Il film su Gigi D’Alessio sì, il documentario sul caso della scomparsa di Giulio Regeni no. È la sintesi estrema della decisione del ministero della Cultura rispetto all’emissione del finanziamento selettivo al cinema. Sono state pubblicate le graduatorie e, per quanto riguarda i documentari, Tutto il male del mondo, film di Simone Manetti che tratta appunto il caso Regeni (e che è già stato proiettato in diverse sale, oltre ad aver vinto il Nastro della Legalità 2026) risulta trentaseiesimo e con un punteggio non sufficiente ad ottenere i soldi del Ministero. La produzione di Ganesh e Fandango, dunque, dovrà contare su altre forze. Domenico Procacci di Fandango ha detto che si tratta di una decisione politica, non artistica e che la storia di Giulio Regeni “dovrebbe interessare tutti gli italiani, non certo soltanto una parte. Non può essere una scelta di merito”. Tra i film di “particolare qualità artistica” e “su personaggi e avvenimenti dell’identità culturale italiana”, c’è L’irresistibile storia di Gigi D’Alessio che, invece, ce l’ha fatta: su una richiesta di 1,8 milioni di euro, l’opera del regista Luca Miniero ne ha portati a casa 1 milione e 50mila euro. Le opposizioni, da Elly Schlein (Pd) ad Angelo Bonelli (Avs) passando per Riccardo Magi (+Europa), si sono fatte sentire e hanno chiesto chiarimenti al ministro della Cultura Alessandro Giuli. Com’è possibile che il documentario su Giulio Regeni sia stato snobbato? E quali sono le opere che la commissione ha preferito finanziare?
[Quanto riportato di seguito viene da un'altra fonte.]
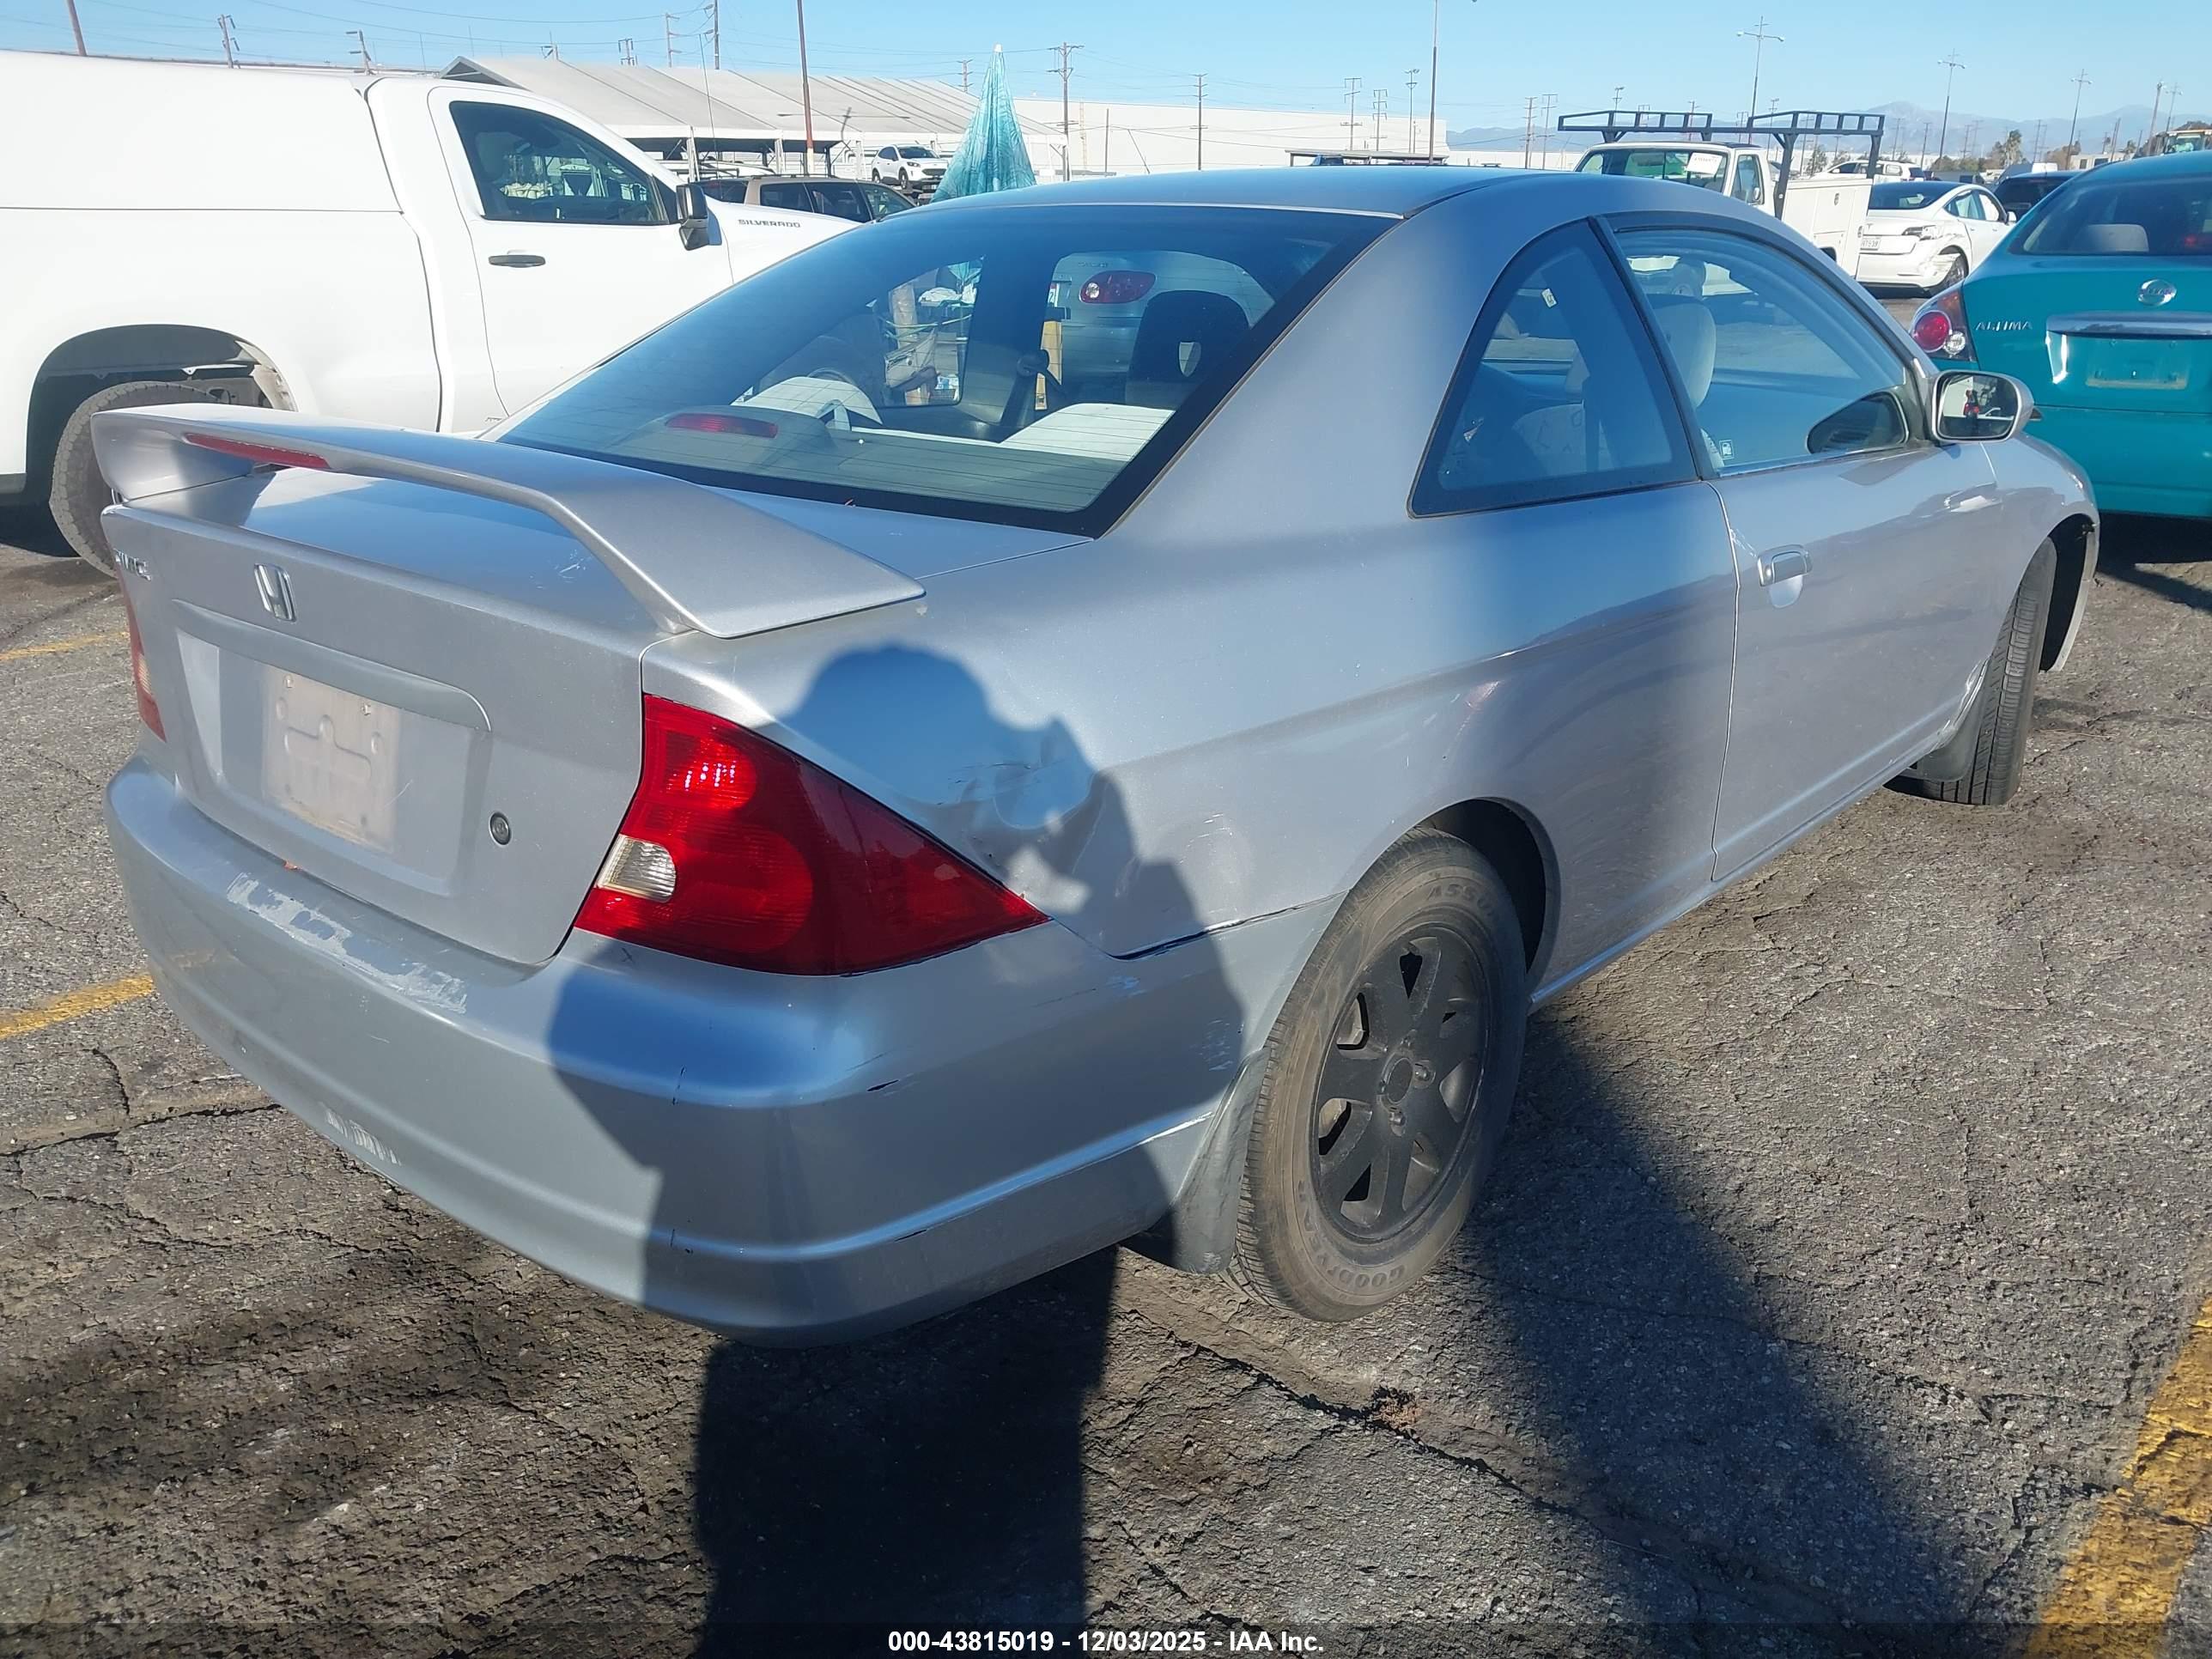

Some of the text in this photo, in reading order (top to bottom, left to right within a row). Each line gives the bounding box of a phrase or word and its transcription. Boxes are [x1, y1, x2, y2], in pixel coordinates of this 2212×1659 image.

[738, 218, 801, 228] SILVERADO
[1975, 320, 2033, 331] ALTIMA
[1297, 1180, 1407, 1289] GOODYEAR
A scegliere i destinatari del contributo sono 15 esperti, divisi in tre sezioni a seconda del tipo di opera presentata. Nella sezione dedicata ai documentari siedono Giacomo Ciammaglichella, avvocato esperto di proprietà intellettuale; Pasqualino Damiani, professore all’università Roma Tre e nominato dall’uscente Gennaro Sangiuliano; Benedetta Fiorini, esperta di comunicazione ed ex deputata di Forza Italia e Lega (non rieletta nelle politiche del 2022); Pier Luigi Manieri, saggista, curatore di eventi culturali ed esperto di cinema; e Ginella Vocca, Fondatrice e Direttrice artistica del MedFilm Festival. Sono loro, quindi, che hanno assegnato solo 36 punti (su un massimo di 63) al film Tutto il male del mondo per quanto riguarda la “qualità, innovatività e originalità della sceneggiatura e del soggetto”. In totale, l’opera su Regeni ha preso 66 punti, mentre il minimo per ottenere il finanziamento è di 80. Questa è la seconda volta che il film sul ricercatore italiano non riesce a superare la selezione: era già successo nel 2025, quando nella sezione 3 c’erano Tiziana Carpintieri e Stefano Zecchi al posto di Fiorini e Manieri. Oggi 7 aprile, in seguito alle polemiche, Paolo Mereghetti e Massimo Galimberti, rispettivamente nella sezione 2 e 1, hanno rassegnato le dimissioni con una lettera al capo della Direzione Cinema e audiovisivo Carlo Giorgio Brugnoni.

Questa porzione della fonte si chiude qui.